Vemos aquí cómo los poderes de Cristo son transferidos a sus discípulos delante de la multitud lánguida y abatida. El abatimiento y la desorientación como los que estamos viviendo actualmente, provocan la compasión de Cristo y este da poderes a sus más inmediatos seguidores.
Ya vimos al estudiar la posición de Tiphereth, el centro 6 en el Árbol Cabalístico, que ese centro crístico se encontraba situado de tal modo que al precipitarnos en el mundo de las sombras en su máxima densidad, aparecía la luz. Así, cuando los seres humanos parecen rebaños sin pastor, Cristo llama a sus discípulos para que rueguen al dueño de la cosecha, a fin de que este envíe obreros cualificados y después reciben el poder de redimir a los abatidos y desorientados.

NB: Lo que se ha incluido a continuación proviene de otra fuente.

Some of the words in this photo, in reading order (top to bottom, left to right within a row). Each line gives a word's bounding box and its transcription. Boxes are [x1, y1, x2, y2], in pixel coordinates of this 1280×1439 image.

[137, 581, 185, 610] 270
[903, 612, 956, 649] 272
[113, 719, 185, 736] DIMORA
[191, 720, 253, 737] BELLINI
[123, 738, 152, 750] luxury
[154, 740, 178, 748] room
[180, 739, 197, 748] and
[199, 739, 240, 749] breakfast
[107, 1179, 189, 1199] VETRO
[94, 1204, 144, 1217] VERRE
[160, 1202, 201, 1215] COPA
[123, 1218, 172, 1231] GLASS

Hemos visto que la historia de Cristo es nuestra propia historia interna, y quizá hoy somos el hombre languideciente y abatido y mañana o un día más o menos lejano seremos los discípulos, antes de convertirnos en el Maestro y entrar en el Reino como hijos legítimos del Padre. Cuando pasemos por la fase del discipulado, empezaremos por formar parte de los setenta y dos para luego ir reduciendo la distancia y entrar en el cenáculo de los doce. Cuando estemos en él, un día Cristo nos llamará para sacar de su abatimiento a la muchedumbre y recibiremos los poderes que nos permitirán arrojar al espíritu impuro de los seres humanos y restablecer su salud perturbada, ambas cosas siendo en el fondo la misma.
Significa que en un momento dado sentiremos que ya estamos preparados para ayudar a los que nos rodean a avanzar, que haremos que se sientan bien en contacto con nosotros.

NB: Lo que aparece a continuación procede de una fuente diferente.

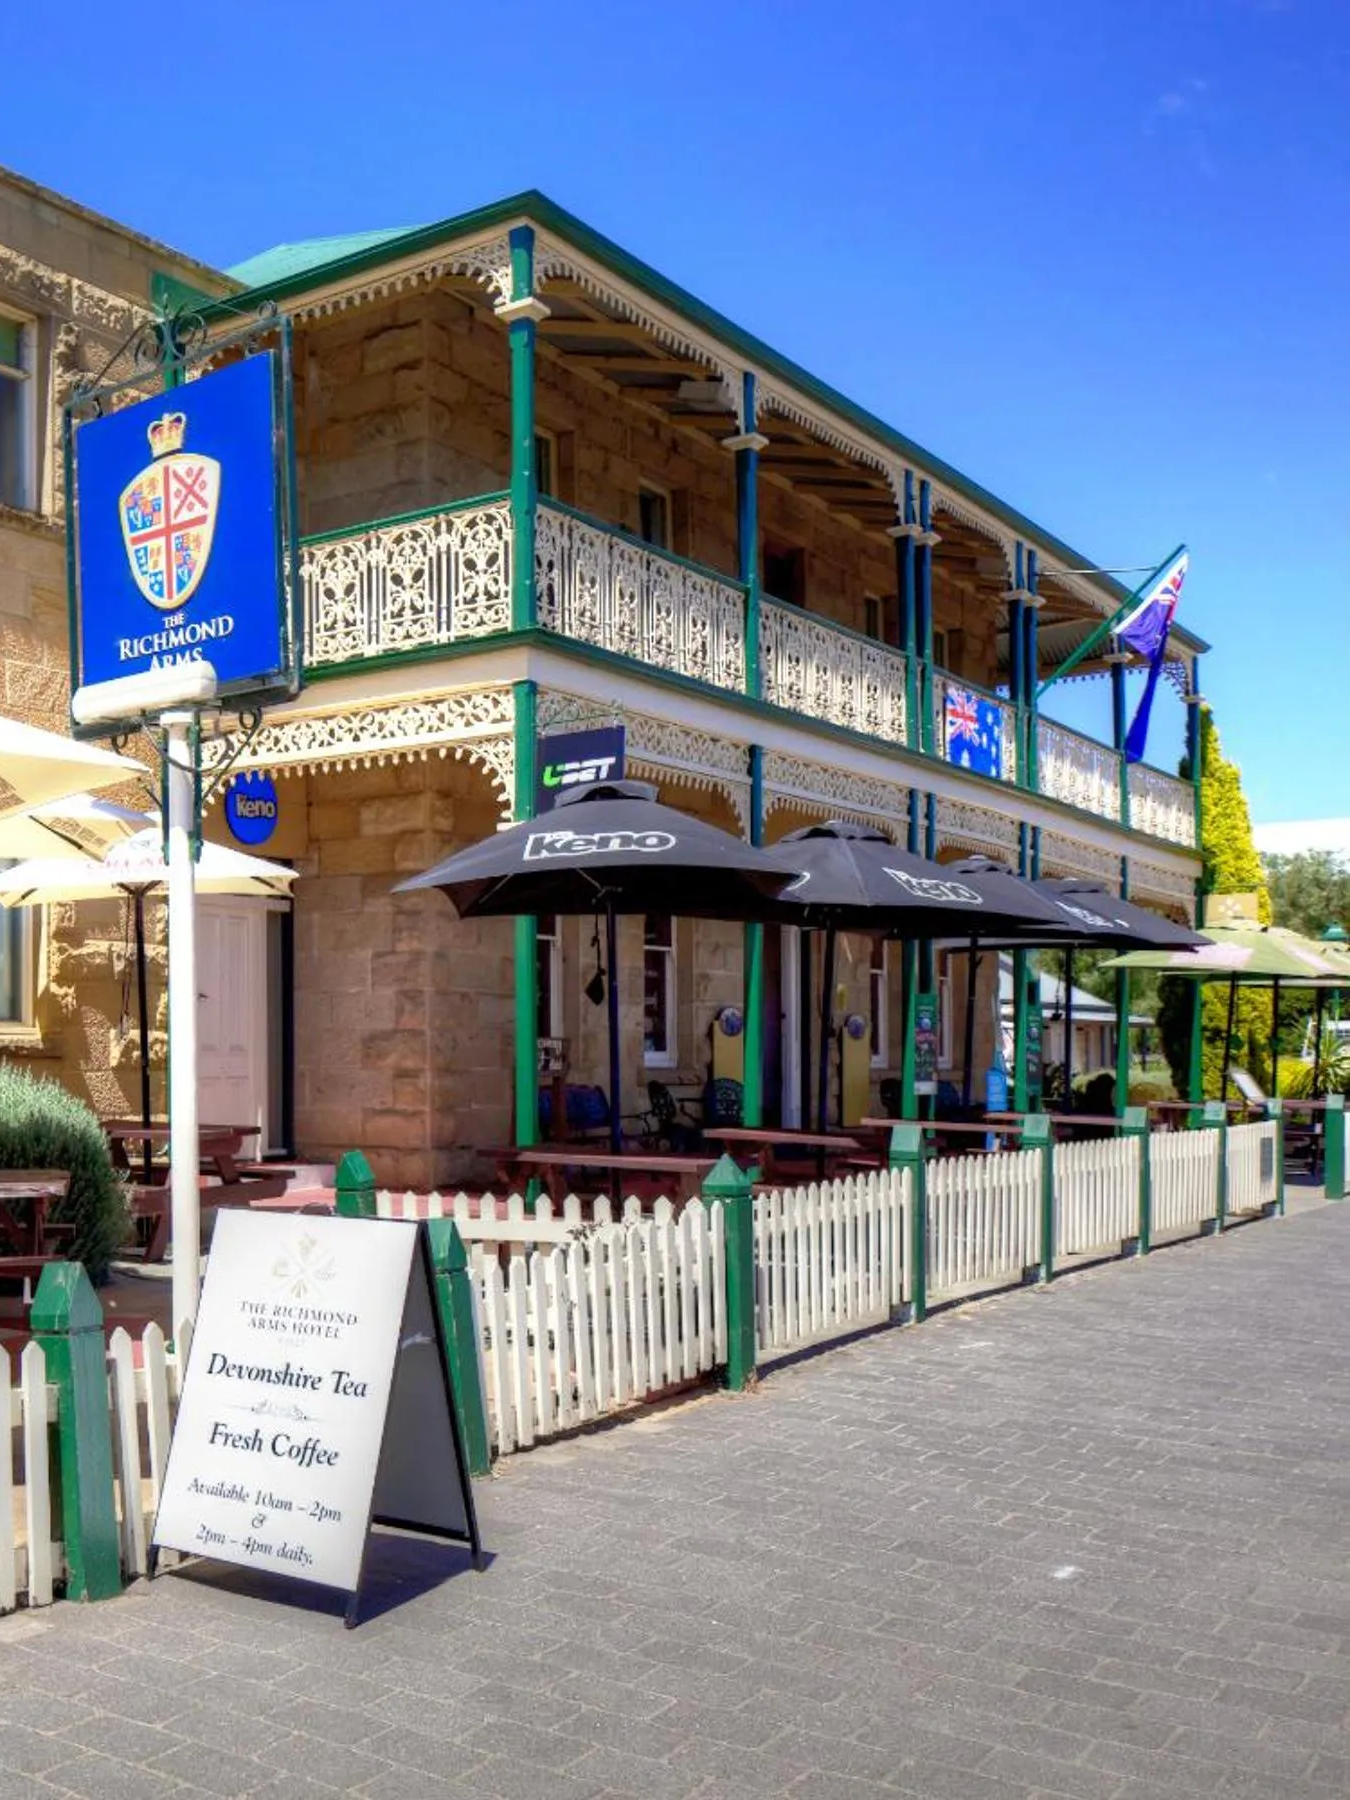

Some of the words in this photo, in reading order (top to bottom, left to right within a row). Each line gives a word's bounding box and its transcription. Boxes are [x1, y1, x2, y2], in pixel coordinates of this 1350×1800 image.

[162, 612, 186, 629] THE
[119, 614, 235, 661] RICHMOND
[150, 647, 203, 670] ARMS
[235, 793, 276, 818] Keno
[522, 830, 677, 861] Keno
[248, 1316, 288, 1332] ARMS
[292, 1320, 341, 1339] HOTEL
[272, 1303, 358, 1326] RICHMOND
[207, 1352, 323, 1391] Devonshire
[331, 1369, 369, 1398] Tea
[209, 1421, 264, 1453] Fresh
[271, 1432, 340, 1468] Coffee
[188, 1476, 250, 1503] Available
[254, 1489, 293, 1512] 10am
[309, 1500, 342, 1523] 2pm
[251, 1512, 267, 1529] &
[196, 1523, 226, 1545] 2pm
[241, 1536, 273, 1557] 4pm
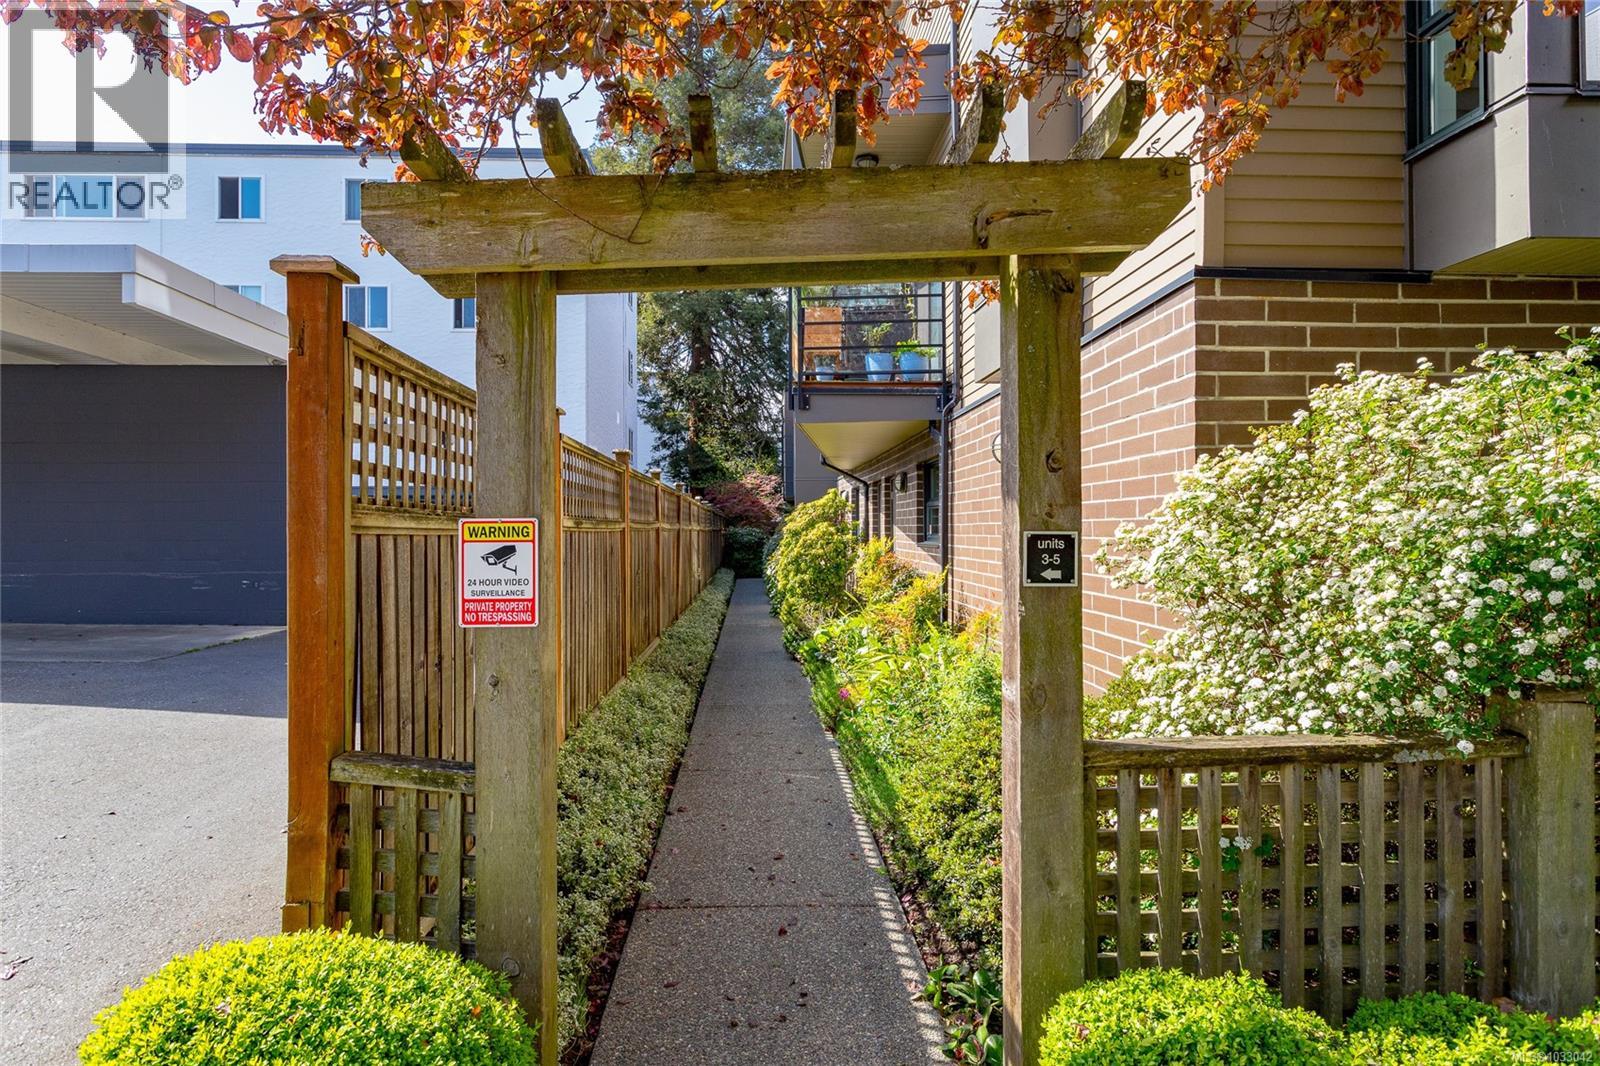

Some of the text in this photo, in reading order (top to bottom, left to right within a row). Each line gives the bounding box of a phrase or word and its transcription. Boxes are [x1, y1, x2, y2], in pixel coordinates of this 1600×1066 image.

Que nadie espere que esa llamada sea un grito estridente que viene del exterior. La llamada se produce en nuestra naturaleza interna y se manifiesta como un afán de aportar a los abatidos la esperanza y la fe en sí mismos. El espíritu impuro al que se refiere Cristo y que es preciso arrojar de los cuerpos, no es una entidad errante y maldita, que se haya alojado en el interior de los seres humanos por accidente, sino que es una fuerza que actúa en el ser poco evolucionado porque está utilizando una calidad de combustible mediocre.
Ya sabemos que las entidades espirituales, es decir los ángeles, nos suministran el tipo y calidad de energía que consumimos en nuestros actos cotidianos, y si nos movemos en niveles bajos, en los placeres impuros, tendremos a nuestro servicio los espíritus impuros – ángeles caídos o luciferianos- que nos irán suministrando combustible para alimentar la acción. Es ese espíritu impuro el que deberemos arrojar de los cuerpos, pero para conseguirlo será preciso que actuemos sobre la voluntad de la persona, para que ponga fin a su modo de comportarse, alentándola para que adopte un comportamiento distinto. Entonces, no siendo necesario el suministro de aquel tipo de combustible, el espíritu impuro se irá y, siendo su actividad lo que producía el desorden en el organismo, la salud volverá al cuerpo.
Cualquiera que haya superado el nivel pasional y la necesidad de entregarse a prácticas degradantes, se encuentra en condiciones de arrojar los espíritus impuros. Ese servicio empezará, para cada uno de nosotros, a partir del momento en que sintamos la llamada en nuestro interior.
No se trata aquí de realizar solo un trabajo simbólico, de enviar un pensamiento al aire o de realizar un ritual. Se trata de llevar a cabo un trabajo real, un trabajo humano de contacto.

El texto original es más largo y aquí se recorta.